I thought of how best to celebrate today and I decided to share some of the life lessons that have helped me to become the woman I am today and the woman I am BECOMING. I get a lot of compliments from various people both young and old saying they are so impressed and proud of all that I have done at my very young age, even though I personally don’t believe that I am that young anymore. I mean, I’m 28 already! And I don’t believe I have done so much yet, there’s still a long way to go and I have only just scratched the surface.
Embrace your story
A lot of people are ashamed of their stories, so they try their best to erase it out of their memories and live life like it doesn’t exist. Well, I’ve learnt that until you embrace your story, whatever it is, you may never be able to fully embrace the future you were created for.

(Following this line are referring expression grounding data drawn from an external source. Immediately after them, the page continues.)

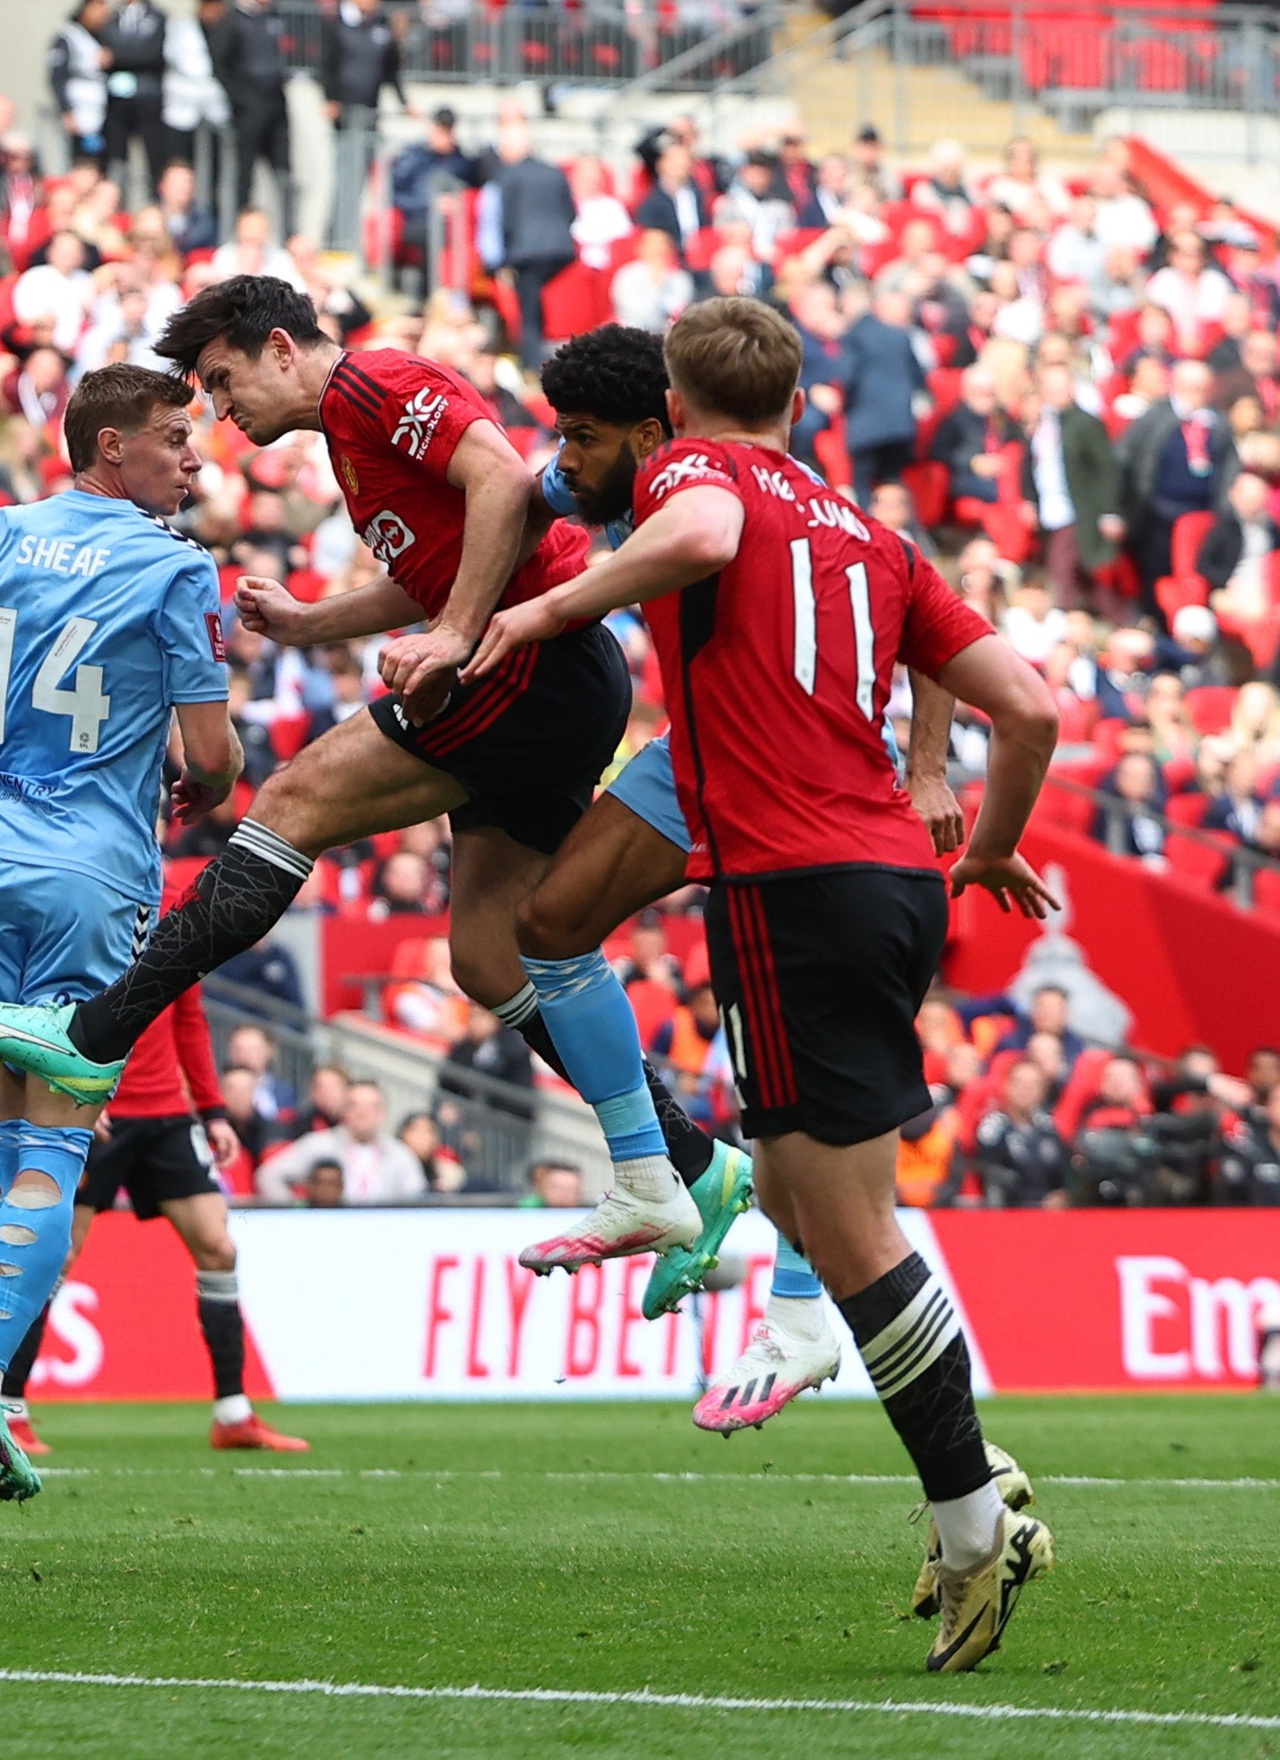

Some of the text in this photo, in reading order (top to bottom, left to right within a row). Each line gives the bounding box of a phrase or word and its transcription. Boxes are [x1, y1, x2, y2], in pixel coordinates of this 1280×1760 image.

[391, 386, 443, 457] DXC
[415, 396, 450, 461] TECHNOLOGY
[15, 534, 111, 577] SHEAF
[789, 537, 876, 722] 11
[422, 1256, 536, 1377] FLY

Asides from being born out of wedlock, my mom tried to abort me three times; my mum and dad both married separate people years after I was born and so all my siblings are steps. For most part of my childhood, I was bitter and angry with my dad for not marrying my mum. It was until I accepted this part of my story and let go of the bitterness that I became stronger and closer to God. I used to tell myself God wanted me to be fully His, so He put me in between two families so no one could fully claim me. But what’s your story? Embrace it. Your story is really not about you but about the lives that will be liberated when they hear your story and how you triumphed.

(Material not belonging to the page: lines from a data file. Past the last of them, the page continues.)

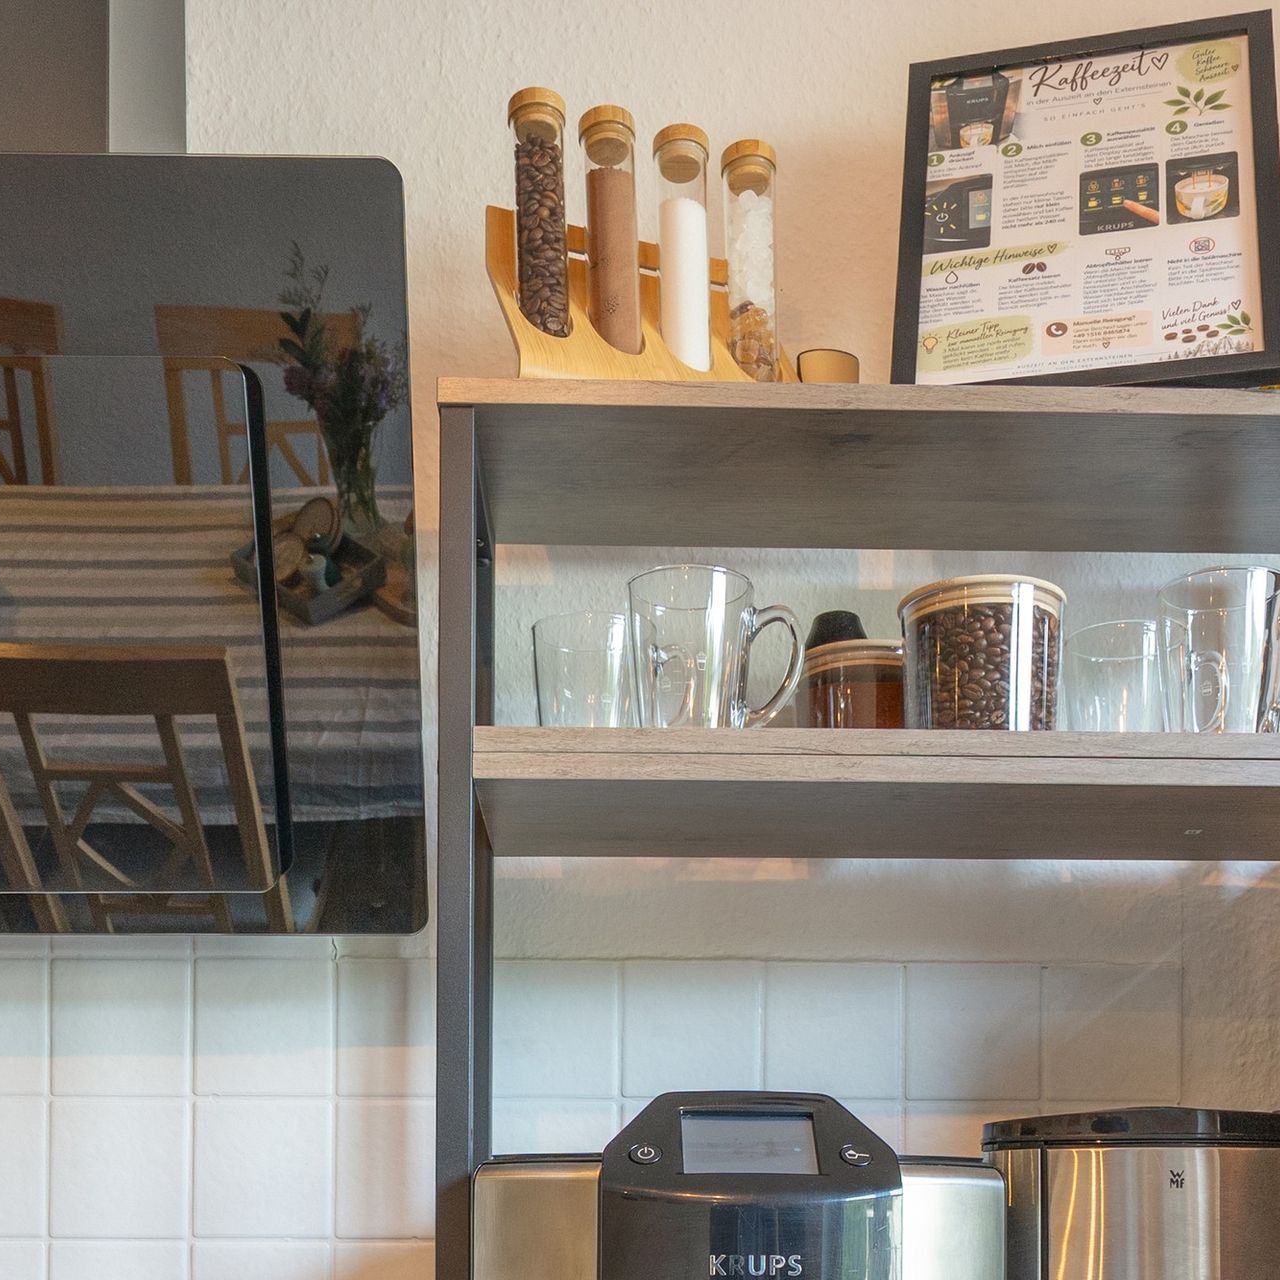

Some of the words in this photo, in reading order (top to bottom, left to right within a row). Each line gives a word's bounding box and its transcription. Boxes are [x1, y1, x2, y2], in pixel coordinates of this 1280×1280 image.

[1028, 50, 1157, 97] Kaffeezeit
[1096, 221, 1135, 232] KRUPS
[930, 255, 991, 275] Wichtige
[992, 248, 1044, 264] Hinweise
[1161, 305, 1191, 321] Vielen
[1193, 297, 1219, 312] Dank
[1161, 319, 1178, 331] und
[1180, 314, 1196, 326] viel
[709, 1254, 803, 1277] KRUPS

Live up to your purpose and not people’s expectations
People, especially your family, have their expectations of what they want you to do with your life and who they think you should become. At some point, you are going to have to stand up for yourself and choose your purpose over their expectations. No, it won’t be easy, but it would be worth it.

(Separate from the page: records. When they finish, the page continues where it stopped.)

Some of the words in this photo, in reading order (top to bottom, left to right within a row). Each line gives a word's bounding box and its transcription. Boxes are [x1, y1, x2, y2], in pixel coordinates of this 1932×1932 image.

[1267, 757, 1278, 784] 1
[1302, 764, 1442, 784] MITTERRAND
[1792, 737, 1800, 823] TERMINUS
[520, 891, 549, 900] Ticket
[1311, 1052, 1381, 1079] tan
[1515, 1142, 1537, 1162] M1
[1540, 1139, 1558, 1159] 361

I remember in 2010 when I had just graduated from school and was waiting for my NYSC call up letter, I wanted to really go to a makeup school to learn, while waiting to go for service. Of course then I couldn’t afford to pay the fees by myself so I sent an email to an aunt of mine who lives abroad explaining to her what I wanted to do and asking her to please send me the money. She took it another way and replied my email copying all my aunts and uncles and my grandparents saying how irresponsible I was to want to go and learn makeup after spending money in a private school for four years studying accounting bla bla bla.
It was a huge episode of emails back and forth, but that did not stop my resolve to go to makeup school. So once I started NYSC, I went to a makeup school and negotiated with the owner that I would pay in instalments once I got my monthly NYSC allowances and thankfully she agreed.
I also enrolled for my professional exam during NYSC and passed. So after working as an accountant for about two years and I knew I had to move, I knew best not to tell any family member before resigning.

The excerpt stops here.